### LISTED RECORDS
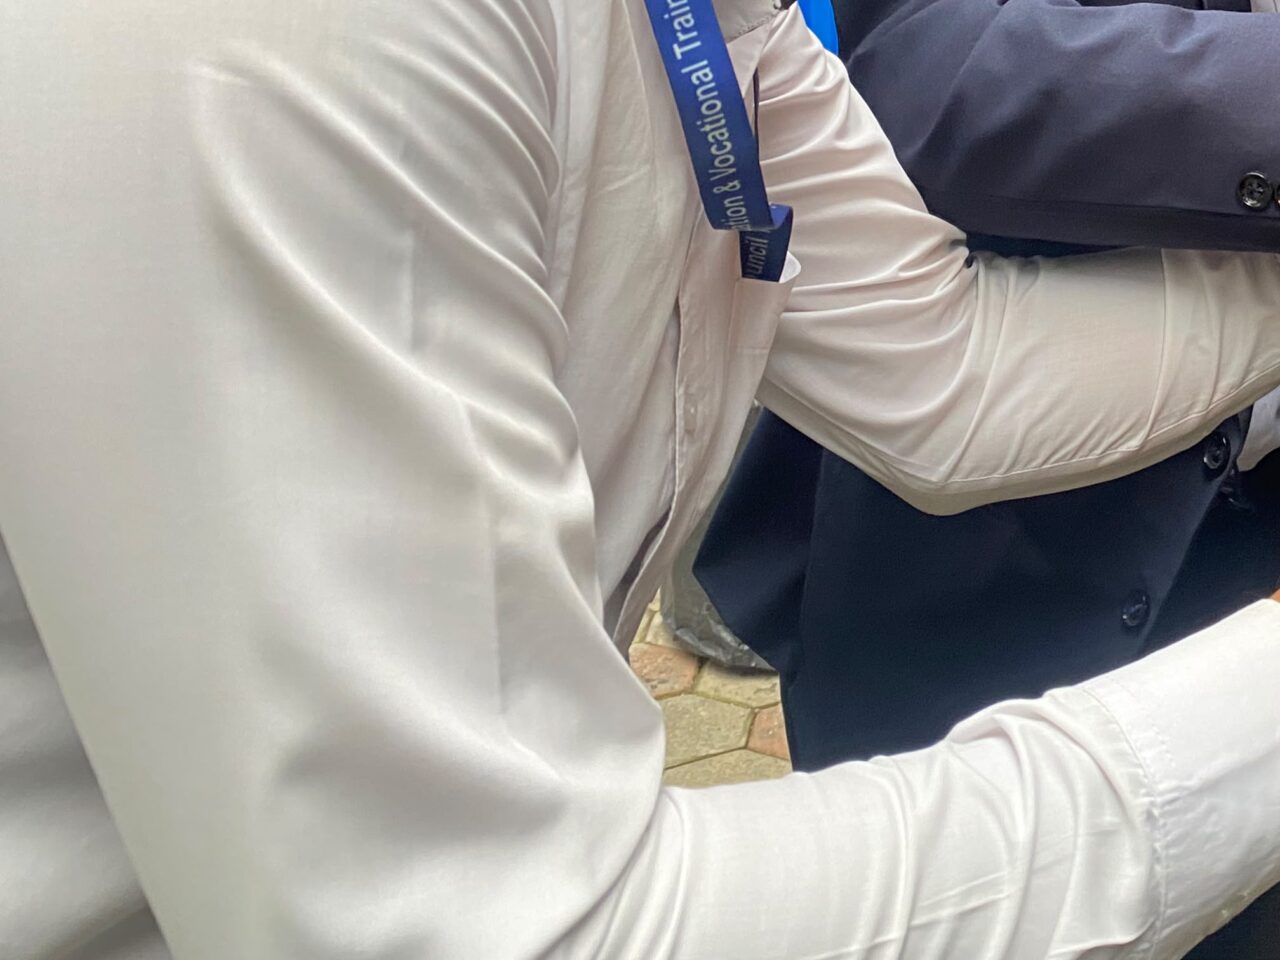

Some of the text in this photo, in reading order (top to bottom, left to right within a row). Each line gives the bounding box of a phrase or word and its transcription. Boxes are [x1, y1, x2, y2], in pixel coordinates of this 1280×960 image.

[681, 60, 737, 181] Vocational
[713, 179, 741, 194] &
[744, 234, 769, 276] uncil
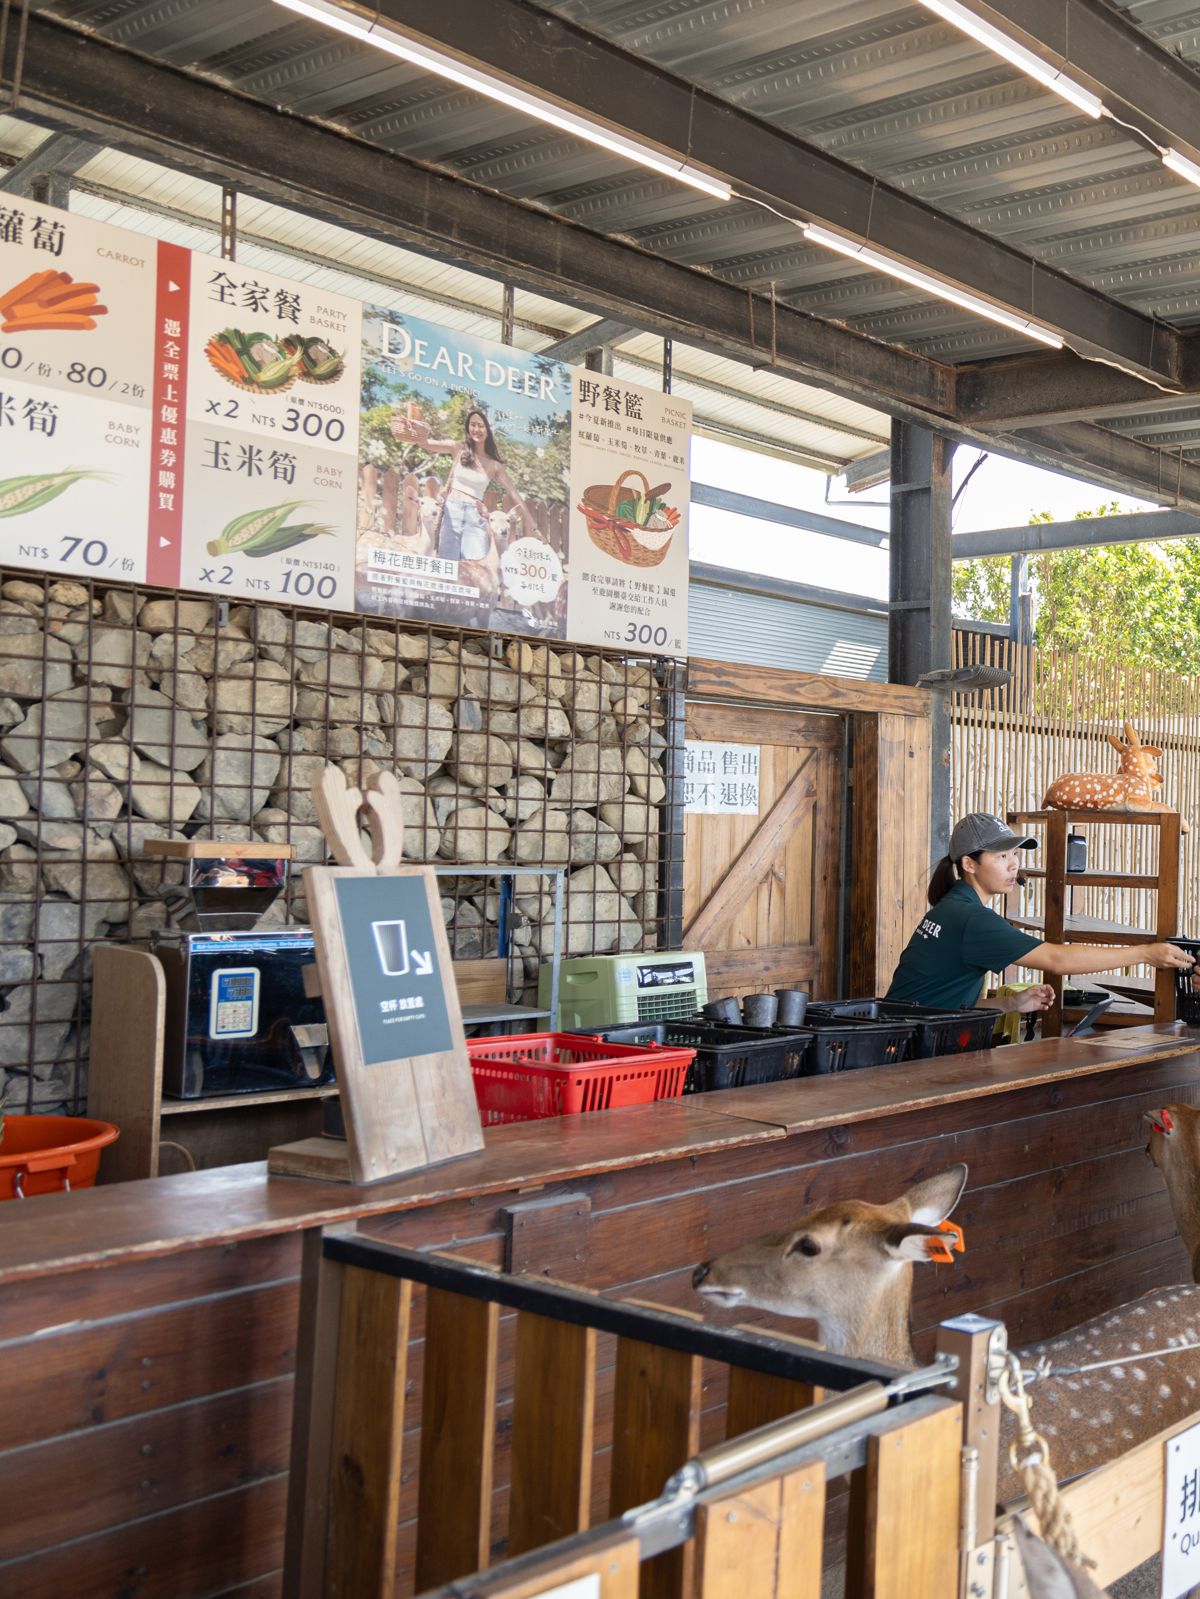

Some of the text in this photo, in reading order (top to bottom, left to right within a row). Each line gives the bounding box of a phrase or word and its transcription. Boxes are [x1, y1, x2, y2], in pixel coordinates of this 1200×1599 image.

[97, 247, 145, 268] CARROT
[207, 270, 302, 325] 全家餐
[316, 305, 347, 321] PARTY
[309, 316, 347, 333] BASKET
[380, 321, 559, 404] DEAR DEER
[382, 365, 405, 377] LET'S
[408, 372, 422, 382] GO
[424, 376, 438, 386] ON
[579, 379, 643, 420] 野餐籃
[158, 318, 181, 511] 憑全票上優惠券購買
[205, 400, 345, 442] x2 NT$ 300
[664, 407, 687, 420] PICNIC
[108, 421, 141, 435] BABY
[661, 417, 687, 429] BASKET
[104, 433, 140, 448] CORN
[200, 438, 297, 485] 玉米筍
[315, 464, 343, 478] BABY
[313, 475, 343, 490] CORN
[19, 543, 49, 560] NT$
[373, 549, 454, 575] 梅花鹿野餐日
[505, 566, 518, 575] NT$
[199, 566, 337, 599] x2 NT$ 100
[604, 630, 620, 640] NT$
[922, 919, 941, 938] DEER

### WHAT TO DO
Repeat each entry precisely as it appears. Leave the pictures out.

### EXERCISE RESULT
Some of the text in this photo, in reading order (top to bottom, left to right within a row). Each line gives the bounding box of a phrase or word and its transcription. Boxes are [x1, y1, x2, y2], in pixel coordinates of this 1280×960 image.

[681, 60, 737, 181] Vocational
[713, 179, 741, 194] &
[744, 234, 769, 276] uncil

Some of the text in this photo, in reading order (top to bottom, left to right within a row). Each line gives the bounding box of a phrase or word and its transcription. Boxes are [x1, y1, x2, y2], in pixel coordinates of this 1200×1599 image.

[97, 247, 145, 268] CARROT
[207, 270, 302, 325] 全家餐
[316, 305, 347, 321] PARTY
[309, 316, 347, 333] BASKET
[380, 321, 559, 404] DEAR DEER
[382, 365, 405, 377] LET'S
[408, 372, 422, 382] GO
[424, 376, 438, 386] ON
[579, 379, 643, 420] 野餐籃
[158, 318, 181, 511] 憑全票上優惠券購買
[205, 400, 345, 442] x2 NT$ 300
[664, 407, 687, 420] PICNIC
[108, 421, 141, 435] BABY
[661, 417, 687, 429] BASKET
[104, 433, 140, 448] CORN
[200, 438, 297, 485] 玉米筍
[315, 464, 343, 478] BABY
[313, 475, 343, 490] CORN
[19, 543, 49, 560] NT$
[373, 549, 454, 575] 梅花鹿野餐日
[505, 566, 518, 575] NT$
[199, 566, 337, 599] x2 NT$ 100
[604, 630, 620, 640] NT$
[922, 919, 941, 938] DEER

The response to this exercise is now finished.